Some general considerations as you manage your network equipment include warranties, buy or lease, grouping purchases, standardizing equipment, budgeting to avoid obsolescence, necessary regular maintenance, and equipment recordkeeping. You will probably find it a lot easier to work out basic guidelines on these things ahead of time than to decide as you go. I’ll share some of my approaches to these issues.
Warranties: Considering the time-and-money issues that plague almost every network, can you really afford to repair computers yourself? Warranties are often a very good buy compared to the cost of parts, let alone labor. I try to keep all the equipment in our network under warranty (almost everything is from Dell), by buying 3-year warranties along with the gear and then renewing warranties if I can’t replace something in three years.
In particular, warranties have been very economical for laptops, which in my experience have required far more repairs than desktop computers. And, when my regular duties are feeling overwhelming, I can easily show a user how to call in his or her own repair.
As to the buy or lease question – I buy. Leasing costs a lot more. If you think leasing works better for you, at least do the math and work out what the effective interest rate is on the lease. It might be a lot more than your credit card rate or your business line of credit rate.
Besides, your equipment is only going to last three years, and if you’re lucky, maybe five. If you buy one third, fourth, or fifth of your equipment each year, you spread out the cost.
The more different manufacturers and models that you have, the more effort becomes necessary to maintain everything. Wouldn’t you rather have only a couple of kinds of printers, one kind of desktop, and one kind of laptop? How about this approach to grouping your purchases and creating your own payment plan: replace desktops in year one, laptops in year two, printers and other peripheral equipment in year three, and servers and backup equipment in year four. You go along spending about the same amount each year, trying to get a couple spares in each batch of gear so you don’t have to buy too many items in between batches. Of course you’ll get off the schedule occasionally, but following such a plan helps reduce the variety of models you’re supporting, the number of different warranty expiration dates, and it certainly keeps your business from slumping into the “everything we own is obsolete and all the employees are griping” state.

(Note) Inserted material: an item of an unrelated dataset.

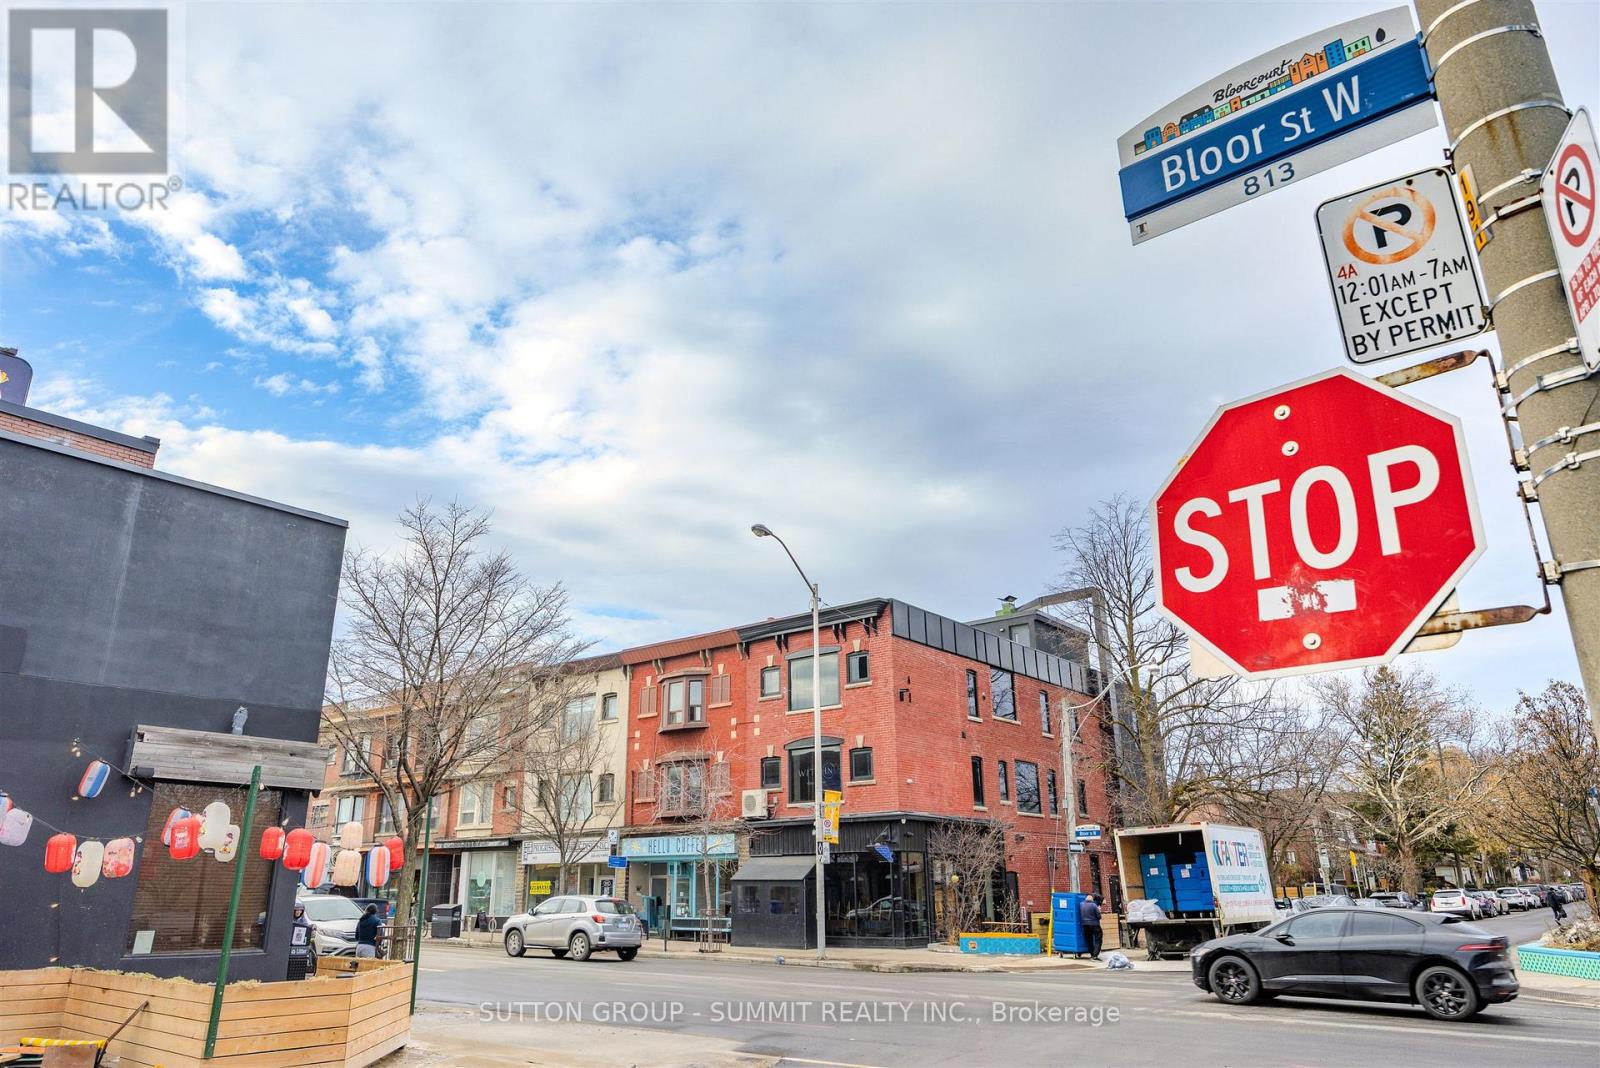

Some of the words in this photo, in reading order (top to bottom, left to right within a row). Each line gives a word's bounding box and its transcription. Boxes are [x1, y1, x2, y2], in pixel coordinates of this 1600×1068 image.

When hard times come along, the “buy on rotation” approach lets you take a year off and let the equipment age. You can’t take a year off from lease payments!
We don’t do fancy or bleeding edge at the nonprofit where I work. We buy the business line models, not the consumer ones, and configure them all with the same business-oriented software.

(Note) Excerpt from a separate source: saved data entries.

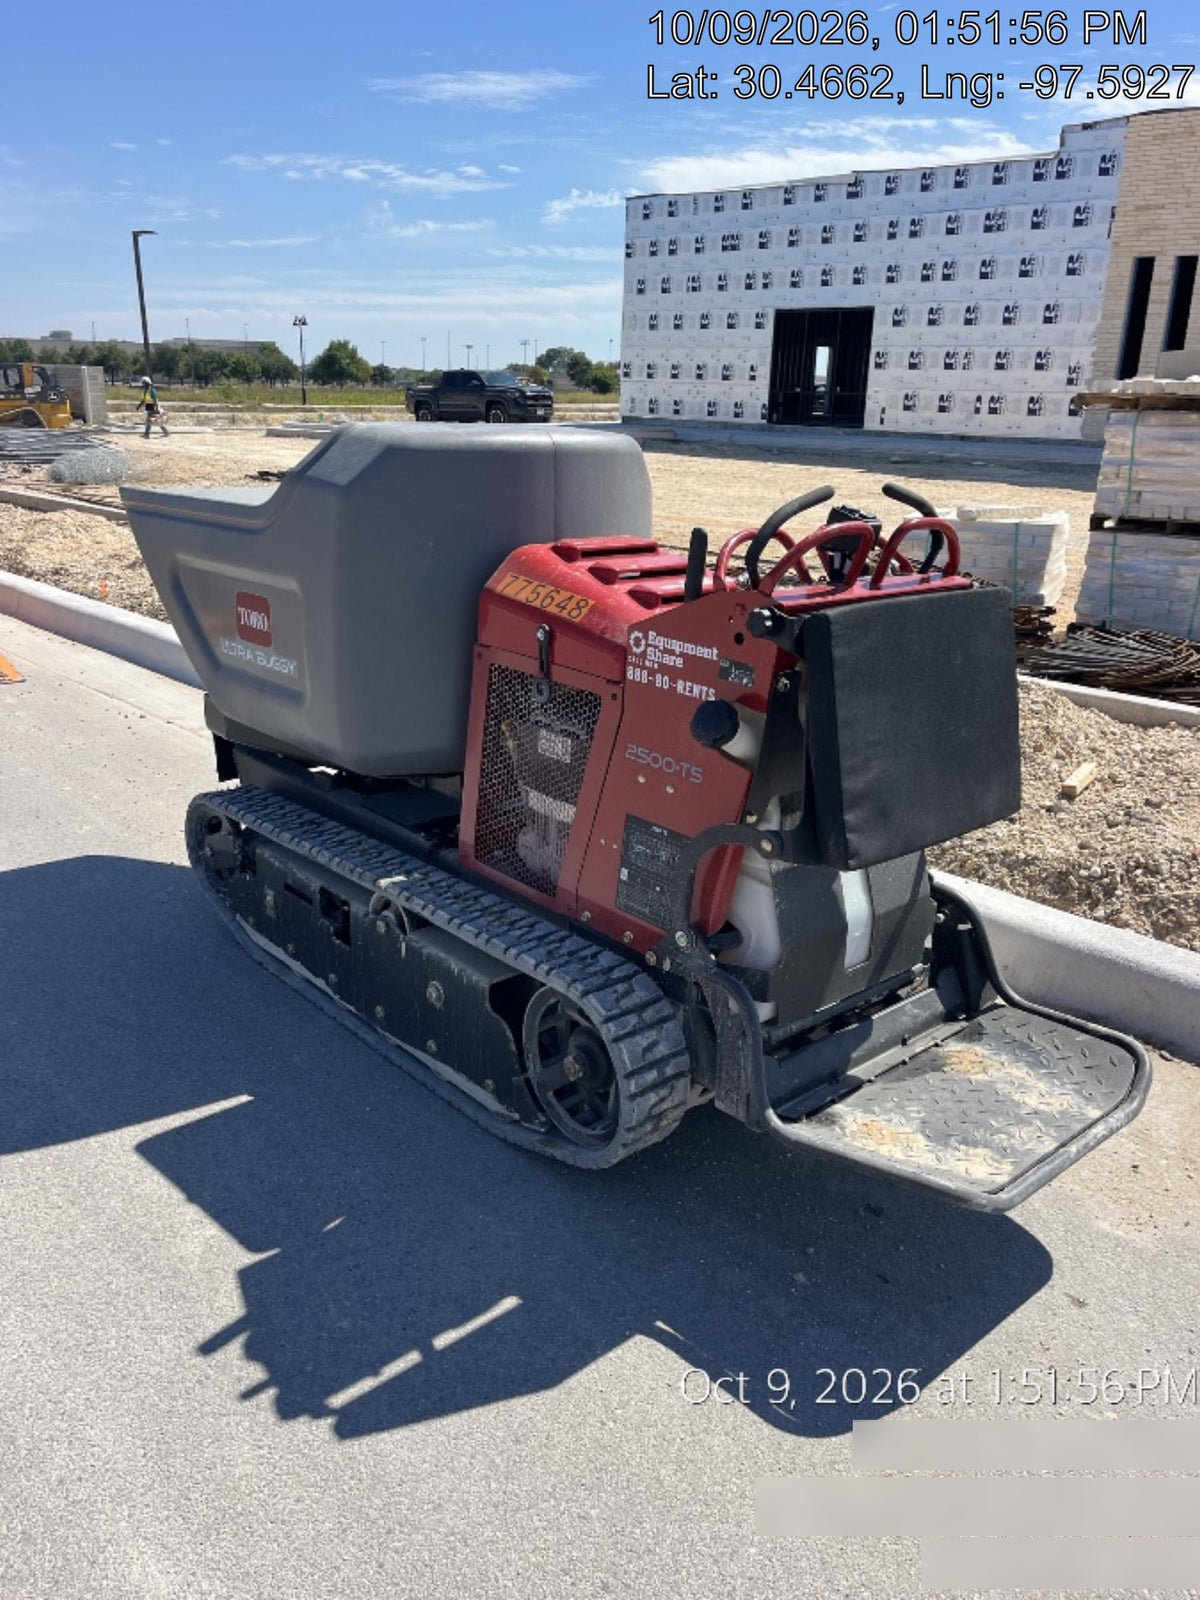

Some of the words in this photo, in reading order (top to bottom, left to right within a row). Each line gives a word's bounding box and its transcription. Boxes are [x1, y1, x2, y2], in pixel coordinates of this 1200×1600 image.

[500, 574, 589, 619] 775648
[237, 606, 269, 632] TORO
[646, 646, 684, 668] Share
[648, 630, 719, 660] Equipment
[256, 651, 297, 675] BUGGY
[627, 666, 716, 701] 888-80-RENTS

Because I try so hard to keep the number of different models to a minimum, recordkeeping is a little easier. I have a folder with all the paperwork and disks that came with each product. I also have a list of all the equipment, the serial numbers, purchase dates, warranty dates, who has it, processor speed, memory, disk size, etc. It seems that, for me at least, I have to go inventory everything about once a year as well as recording it when we first buy it and changing the list as we get rid of things or reassign them. An easy way to track repairs is to keep the paperwork on the repair and note the model number and serial number of the machine.
And, while I’m on the subject, I’ve found that sometimes it’s just so easy to keep some old, obsolete but operable equipment. I’ve got a cheap streak, and in offices, we get used to keeping things like filing cabinets forever, but computers reach a point where they just have to go, and the best place to go is completely off the premises. If you let employees buy or take old equipment, it needs to be wiped clean with only the original configuration – not free copies of software or any company records and files. Maybe I’ll blog later about strategies to use if you want to sell or give equipment to employees.